Stored items
□ □ □
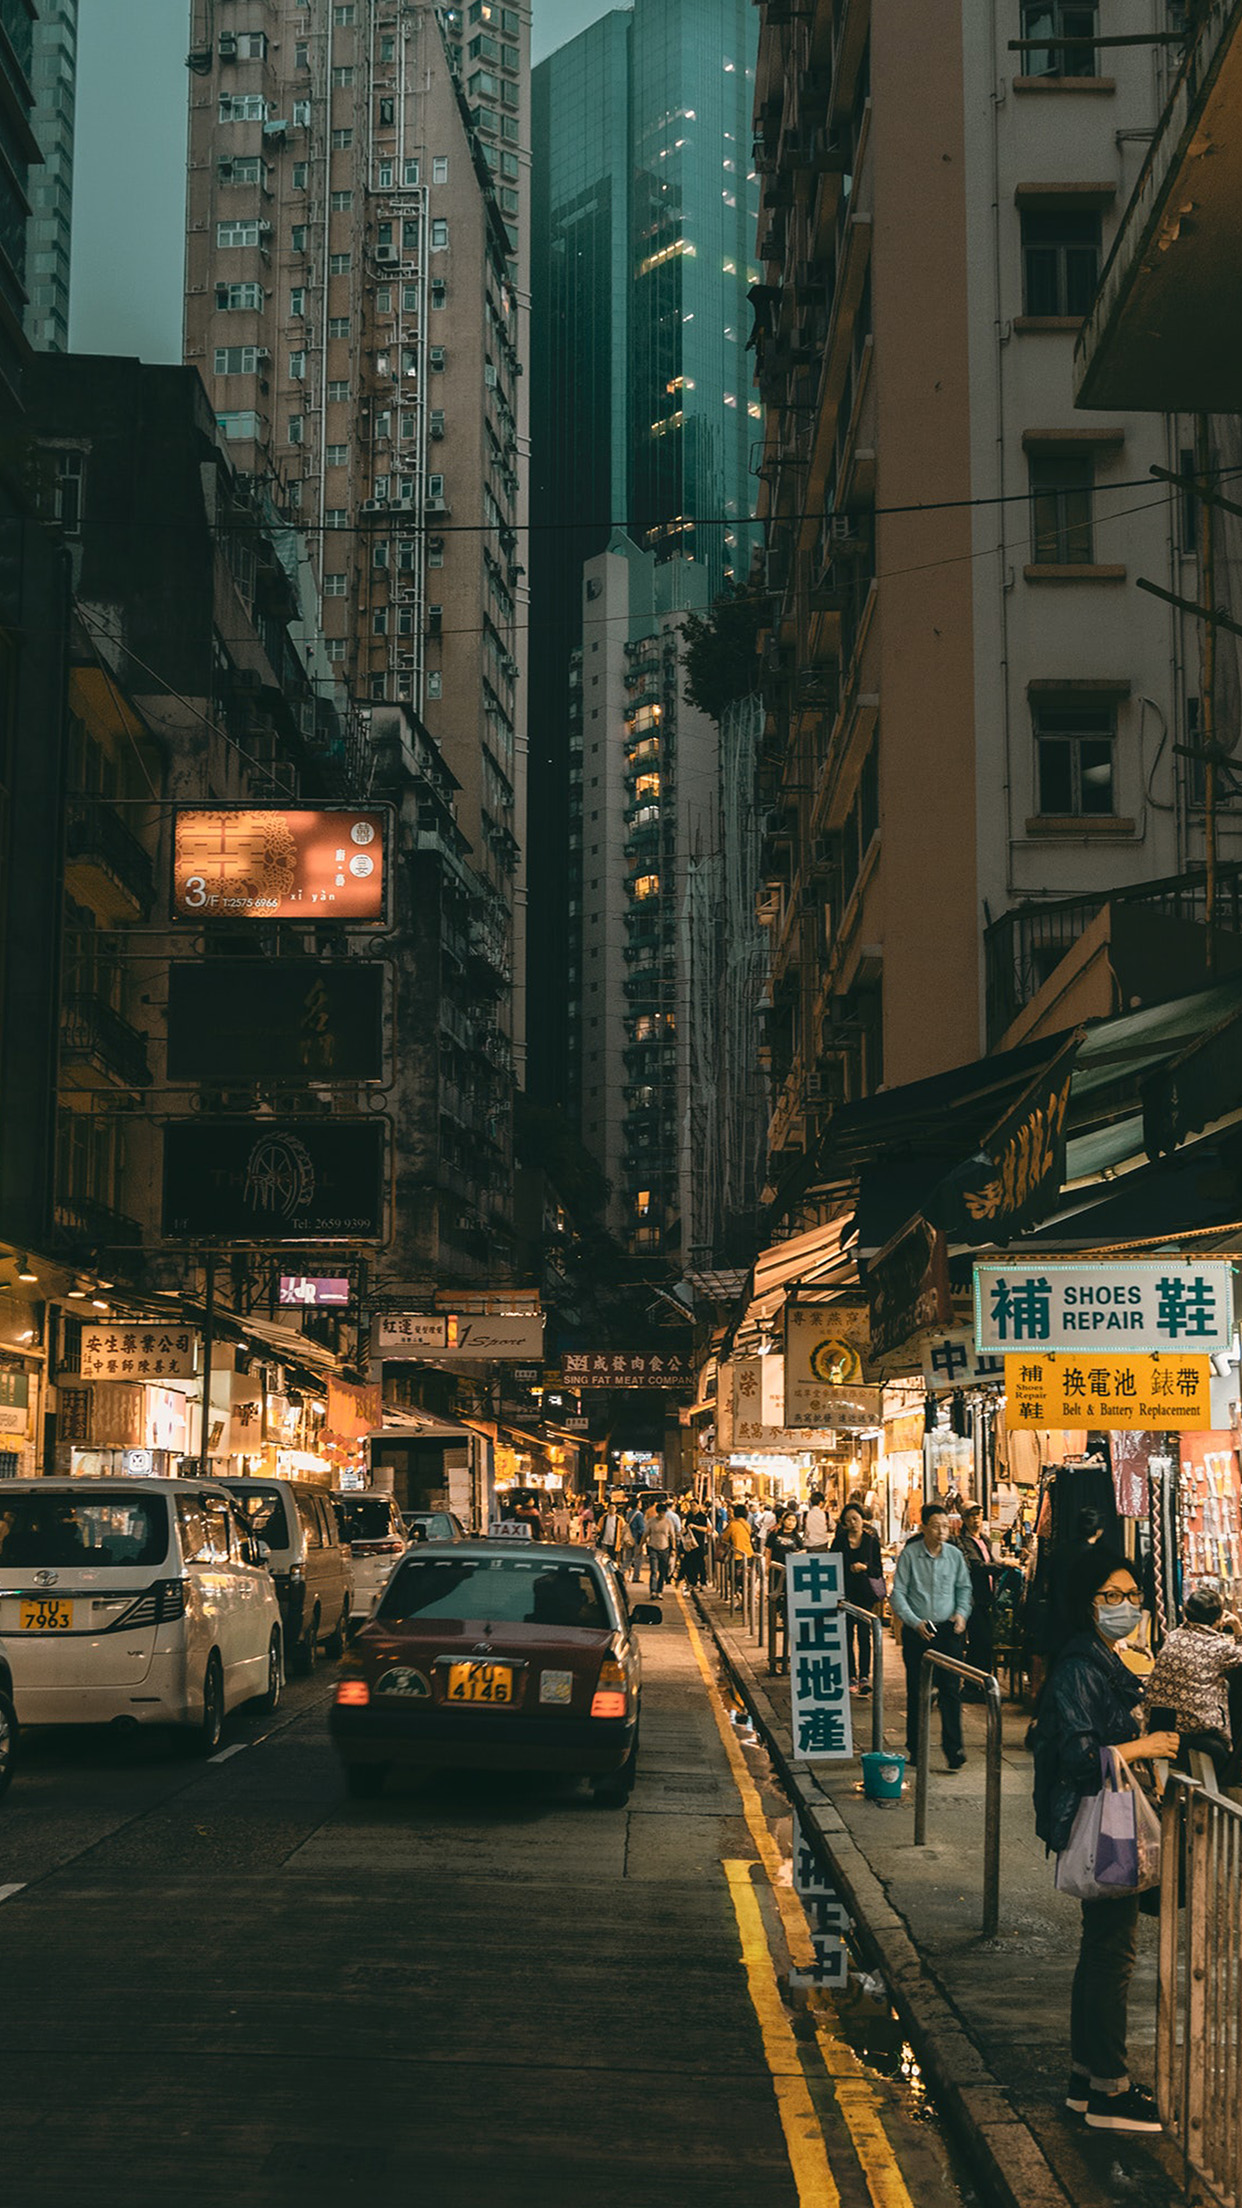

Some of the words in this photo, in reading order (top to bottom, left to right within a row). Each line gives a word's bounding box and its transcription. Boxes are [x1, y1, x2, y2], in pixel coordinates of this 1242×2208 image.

[185, 876, 219, 907] 3/F
[255, 898, 278, 908] 6966
[315, 1219, 341, 1229] 2659
[344, 1219, 371, 1229] 9399
[1063, 1286, 1141, 1305] SHOES
[990, 1276, 1052, 1340] 補
[1155, 1276, 1218, 1339] 鞋
[1063, 1310, 1144, 1330] REPAIR
[86, 1333, 190, 1354] 安生藥業公司
[563, 1376, 588, 1385] SING
[592, 1376, 611, 1385] FAT
[615, 1376, 645, 1385] MEAT
[1018, 1364, 1043, 1382] 補
[1015, 1391, 1047, 1400] Repair
[1016, 1384, 1044, 1392] Shoes
[1018, 1402, 1045, 1420] 鞋
[1062, 1403, 1081, 1416] Belt
[1087, 1403, 1094, 1416] &
[1100, 1403, 1134, 1419] Battery
[1139, 1402, 1200, 1419] Replacement
[492, 1524, 527, 1536] TAXI
[37, 1601, 60, 1615] TU
[25, 1614, 69, 1629] 7963
[792, 1558, 847, 1753] 中正地產
[453, 1684, 507, 1700] 4146
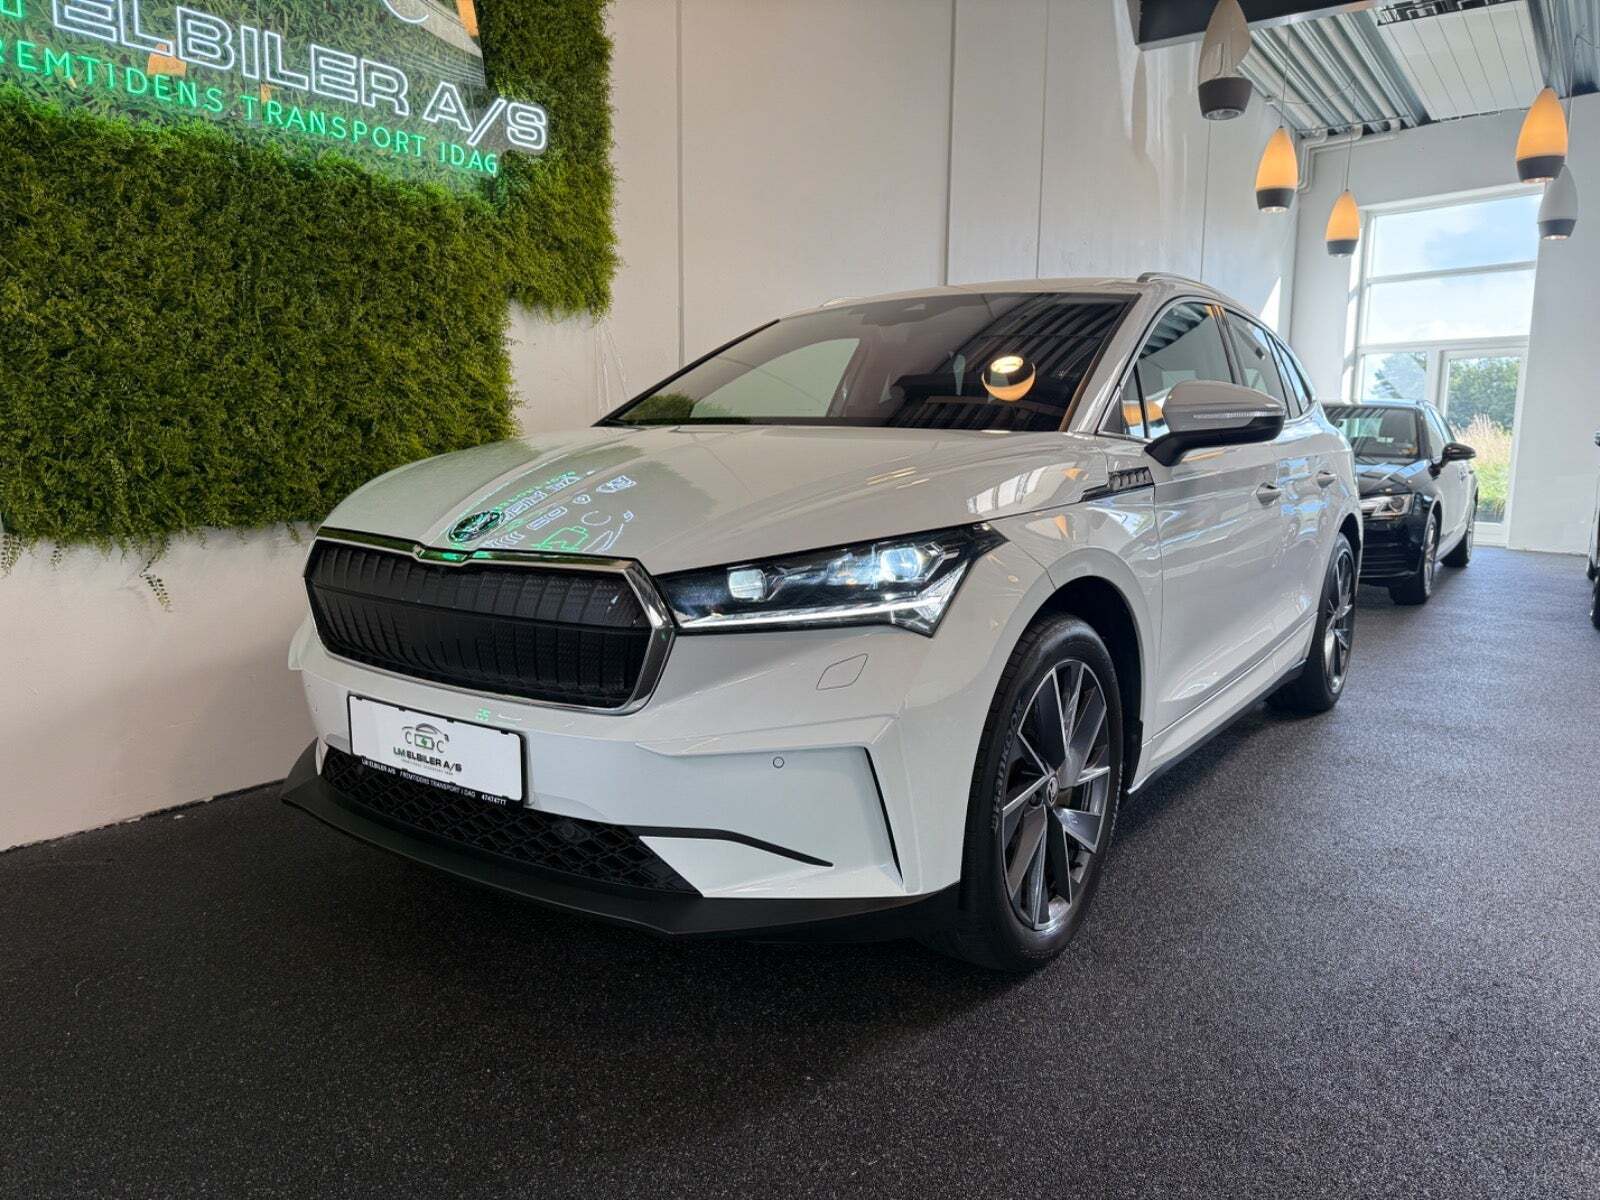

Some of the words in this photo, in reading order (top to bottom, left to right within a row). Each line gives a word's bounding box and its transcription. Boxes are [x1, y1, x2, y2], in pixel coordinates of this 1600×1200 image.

[0, 39, 224, 113] EMTIDENS
[239, 94, 427, 158] TRANSPORT
[439, 141, 498, 178] IDAG
[53, 0, 410, 117] ELBILER
[422, 80, 548, 151] A/S
[406, 750, 442, 768] ELBILER
[443, 760, 463, 773] A/S
□ □ □
■ EXERCISE INSTRUCTIONS
Please output every record above exactly as written, leaving out the pictures.

■ ANSWER TO THE EXERCISE
Some of the words in this photo, in reading order (top to bottom, left to right within a row). Each line gives a word's bounding box and its transcription. Boxes are [x1, y1, x2, y2], in pixel coordinates of this 1242×2208 image.

[185, 876, 219, 907] 3/F
[255, 898, 278, 908] 6966
[315, 1219, 341, 1229] 2659
[344, 1219, 371, 1229] 9399
[1063, 1286, 1141, 1305] SHOES
[990, 1276, 1052, 1340] 補
[1155, 1276, 1218, 1339] 鞋
[1063, 1310, 1144, 1330] REPAIR
[86, 1333, 190, 1354] 安生藥業公司
[563, 1376, 588, 1385] SING
[592, 1376, 611, 1385] FAT
[615, 1376, 645, 1385] MEAT
[1018, 1364, 1043, 1382] 補
[1015, 1391, 1047, 1400] Repair
[1016, 1384, 1044, 1392] Shoes
[1018, 1402, 1045, 1420] 鞋
[1062, 1403, 1081, 1416] Belt
[1087, 1403, 1094, 1416] &
[1100, 1403, 1134, 1419] Battery
[1139, 1402, 1200, 1419] Replacement
[492, 1524, 527, 1536] TAXI
[37, 1601, 60, 1615] TU
[25, 1614, 69, 1629] 7963
[792, 1558, 847, 1753] 中正地產
[453, 1684, 507, 1700] 4146

Some of the words in this photo, in reading order (top to bottom, left to right within a row). Each line gives a word's bounding box and its transcription. Boxes are [x1, y1, x2, y2], in pixel coordinates of this 1600×1200 image.

[0, 39, 224, 113] EMTIDENS
[239, 94, 427, 158] TRANSPORT
[439, 141, 498, 178] IDAG
[53, 0, 410, 117] ELBILER
[422, 80, 548, 151] A/S
[406, 750, 442, 768] ELBILER
[443, 760, 463, 773] A/S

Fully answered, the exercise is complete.